— Your task —
Start the copy at the line holding "this 1200×1805 image." and continue it exactly through the last line of the entries, leaving out pictures and anything else.
BEGIN
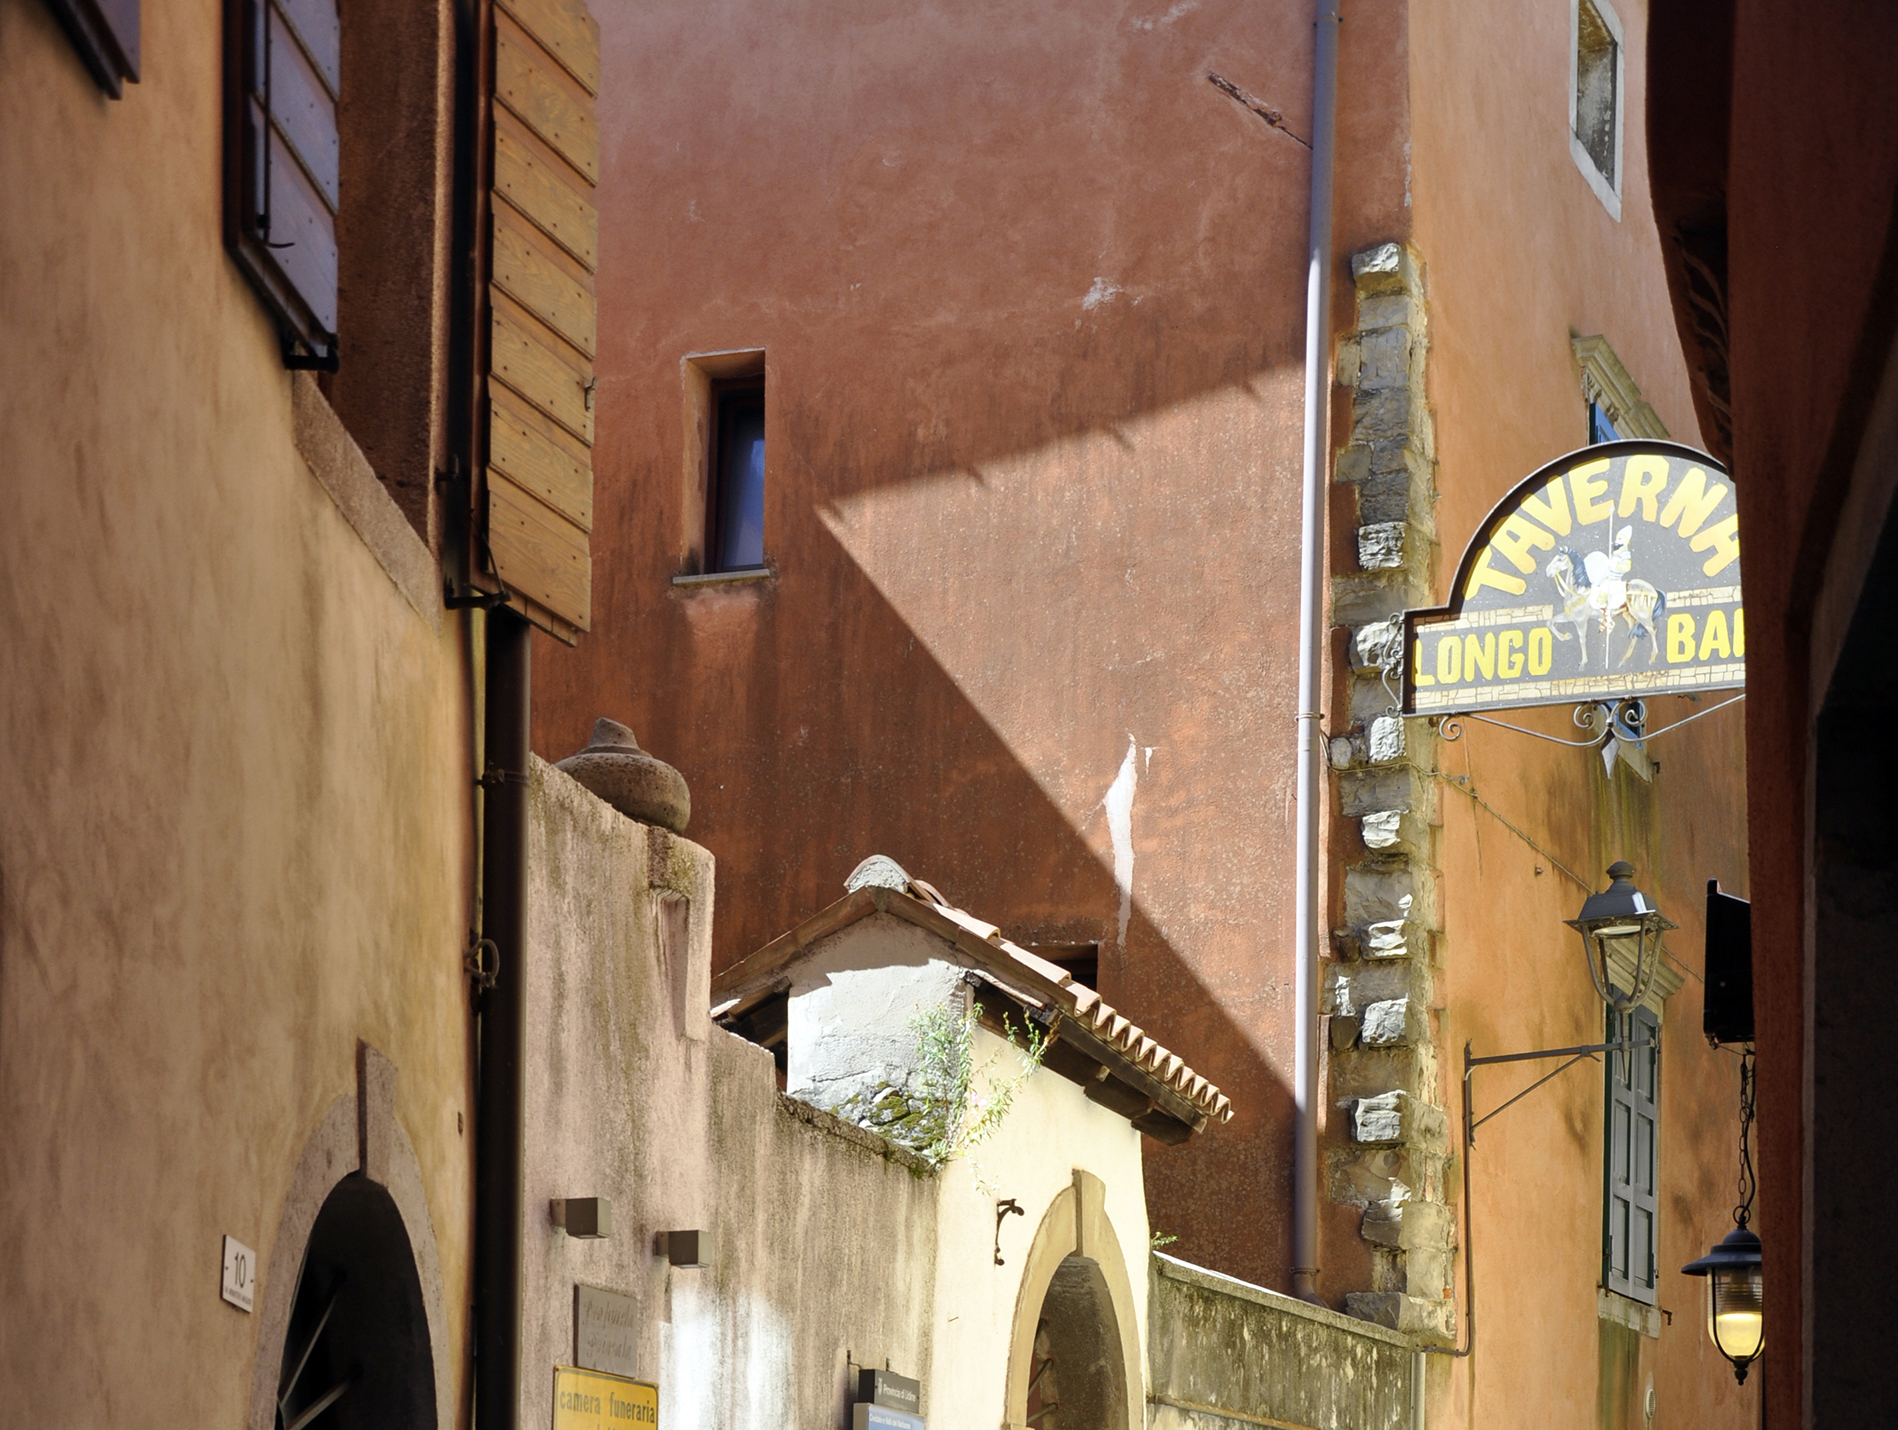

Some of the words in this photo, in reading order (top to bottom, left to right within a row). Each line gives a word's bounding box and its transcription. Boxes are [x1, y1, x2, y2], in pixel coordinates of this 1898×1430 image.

[1462, 454, 1741, 600] TAVERNA
[1413, 627, 1553, 687] LONGO
[234, 1251, 246, 1289] 10
[560, 1391, 601, 1415] camera
[609, 1391, 655, 1424] funeraria
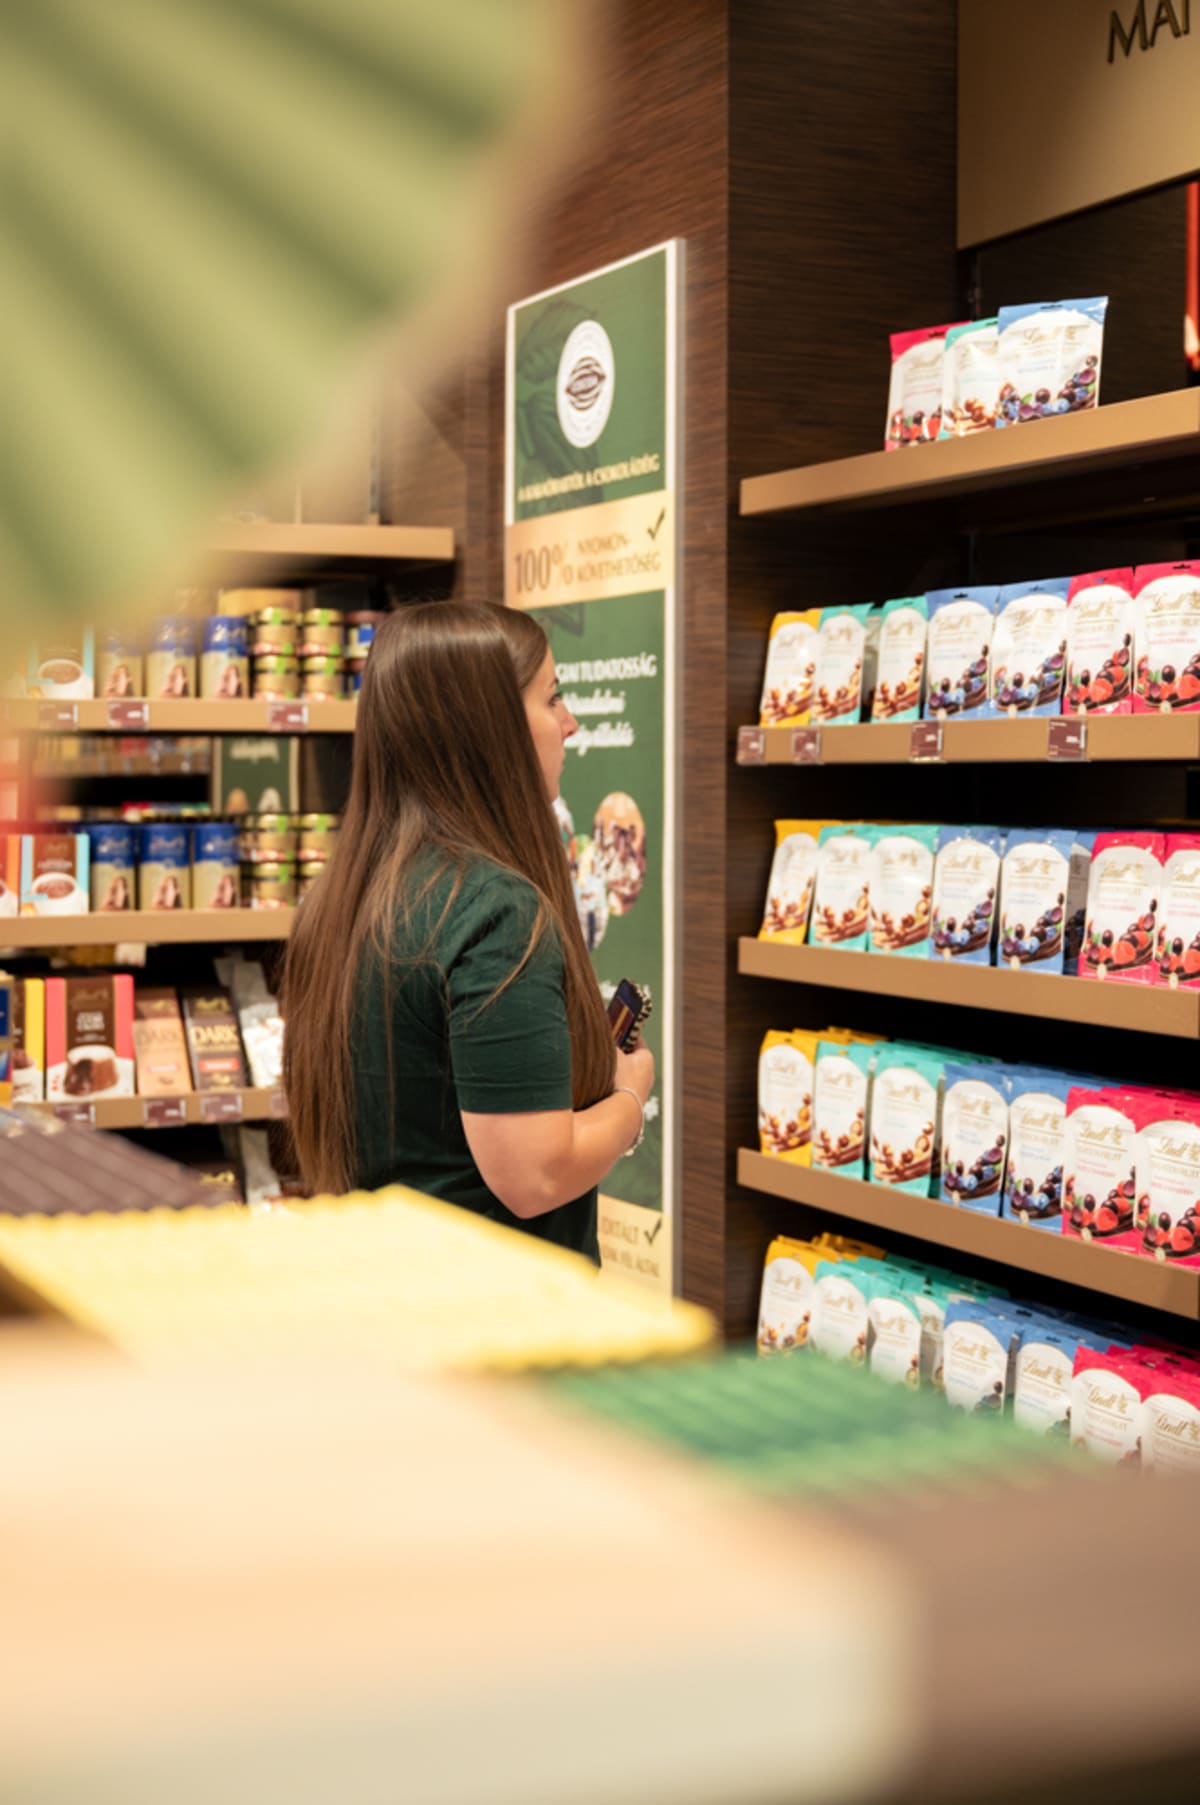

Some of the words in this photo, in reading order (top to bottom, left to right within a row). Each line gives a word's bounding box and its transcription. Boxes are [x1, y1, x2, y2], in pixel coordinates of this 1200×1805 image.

[514, 541, 574, 594] 100%
[191, 1025, 238, 1044] DARK
[1157, 1412, 1190, 1436] Lindt
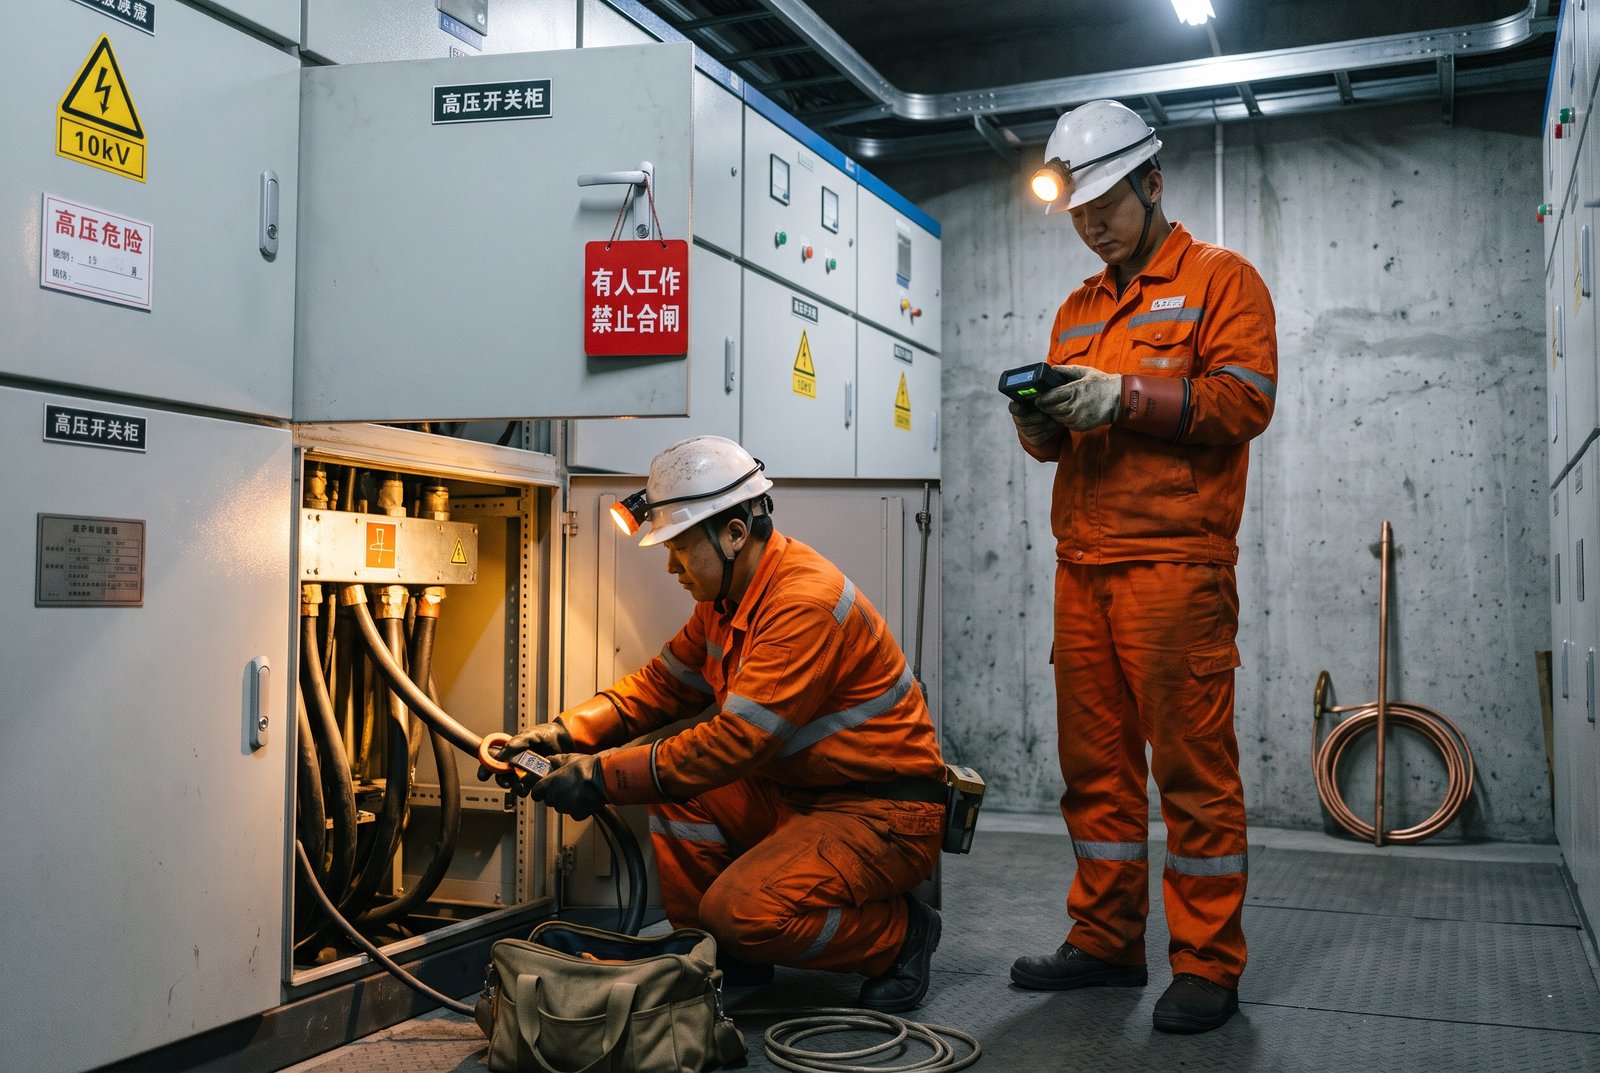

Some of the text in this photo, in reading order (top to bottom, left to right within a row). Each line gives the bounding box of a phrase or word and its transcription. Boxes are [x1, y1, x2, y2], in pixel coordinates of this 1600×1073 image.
END
— Completed exercise —
Some of the words in this photo, in reading order (top to bottom, left to right within a row). Each line gives a word's bounding box and its transcription. Boxes are [x1, y1, x2, y2], in pixel coordinates of this 1200×1805 image.

[514, 541, 574, 594] 100%
[191, 1025, 238, 1044] DARK
[1157, 1412, 1190, 1436] Lindt

Some of the text in this photo, in reading order (top to bottom, left to right within a row). Each line gives the bounding box of a phrase or word and its transcription. Boxes are [x1, y1, x2, y2], in pixel coordinates of this 1600×1073 image.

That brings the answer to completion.